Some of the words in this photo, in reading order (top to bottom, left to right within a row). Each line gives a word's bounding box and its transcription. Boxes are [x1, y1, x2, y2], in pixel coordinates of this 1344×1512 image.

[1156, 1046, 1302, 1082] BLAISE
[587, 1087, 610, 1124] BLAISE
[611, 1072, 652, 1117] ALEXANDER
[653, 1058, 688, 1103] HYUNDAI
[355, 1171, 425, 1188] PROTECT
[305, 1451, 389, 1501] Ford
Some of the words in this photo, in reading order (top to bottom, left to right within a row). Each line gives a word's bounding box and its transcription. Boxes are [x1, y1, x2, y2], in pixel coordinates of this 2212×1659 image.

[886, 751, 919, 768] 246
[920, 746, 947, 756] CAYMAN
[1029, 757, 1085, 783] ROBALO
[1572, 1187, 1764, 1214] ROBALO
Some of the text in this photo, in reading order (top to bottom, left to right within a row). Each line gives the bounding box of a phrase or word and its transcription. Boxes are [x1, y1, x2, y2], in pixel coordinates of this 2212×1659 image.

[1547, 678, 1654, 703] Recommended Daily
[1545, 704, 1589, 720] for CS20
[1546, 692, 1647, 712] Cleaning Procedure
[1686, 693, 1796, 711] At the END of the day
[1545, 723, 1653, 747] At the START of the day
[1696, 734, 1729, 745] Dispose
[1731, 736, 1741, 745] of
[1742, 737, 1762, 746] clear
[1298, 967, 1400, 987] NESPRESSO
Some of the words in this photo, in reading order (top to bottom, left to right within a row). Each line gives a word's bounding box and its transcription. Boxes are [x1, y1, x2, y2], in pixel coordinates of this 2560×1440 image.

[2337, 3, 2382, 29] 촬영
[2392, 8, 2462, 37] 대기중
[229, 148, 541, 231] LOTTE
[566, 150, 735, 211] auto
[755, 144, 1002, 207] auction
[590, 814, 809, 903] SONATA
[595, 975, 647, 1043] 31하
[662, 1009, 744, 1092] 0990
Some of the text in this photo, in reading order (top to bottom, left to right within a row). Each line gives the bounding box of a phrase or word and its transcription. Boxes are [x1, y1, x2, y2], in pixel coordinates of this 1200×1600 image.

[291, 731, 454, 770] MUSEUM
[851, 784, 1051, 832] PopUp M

◇ ◇ ◇ ◇

=== EXERCISE DIRECTIONS ===
Please write out the lines that run from the one with "this 2560×1440 image." to the end of the records, both included, exactly as they appear.

=== ANSWER TO THE PROBLEM ===
Some of the words in this photo, in reading order (top to bottom, left to right within a row). Each line gives a word's bounding box and its transcription. Boxes are [x1, y1, x2, y2], in pixel coordinates of this 2560×1440 image.

[2337, 3, 2382, 29] 촬영
[2392, 8, 2462, 37] 대기중
[229, 148, 541, 231] LOTTE
[566, 150, 735, 211] auto
[755, 144, 1002, 207] auction
[590, 814, 809, 903] SONATA
[595, 975, 647, 1043] 31하
[662, 1009, 744, 1092] 0990
Some of the text in this photo, in reading order (top to bottom, left to right within a row). Each line gives the bounding box of a phrase or word and its transcription. Boxes are [x1, y1, x2, y2], in pixel coordinates of this 1200×1600 image.

[291, 731, 454, 770] MUSEUM
[851, 784, 1051, 832] PopUp M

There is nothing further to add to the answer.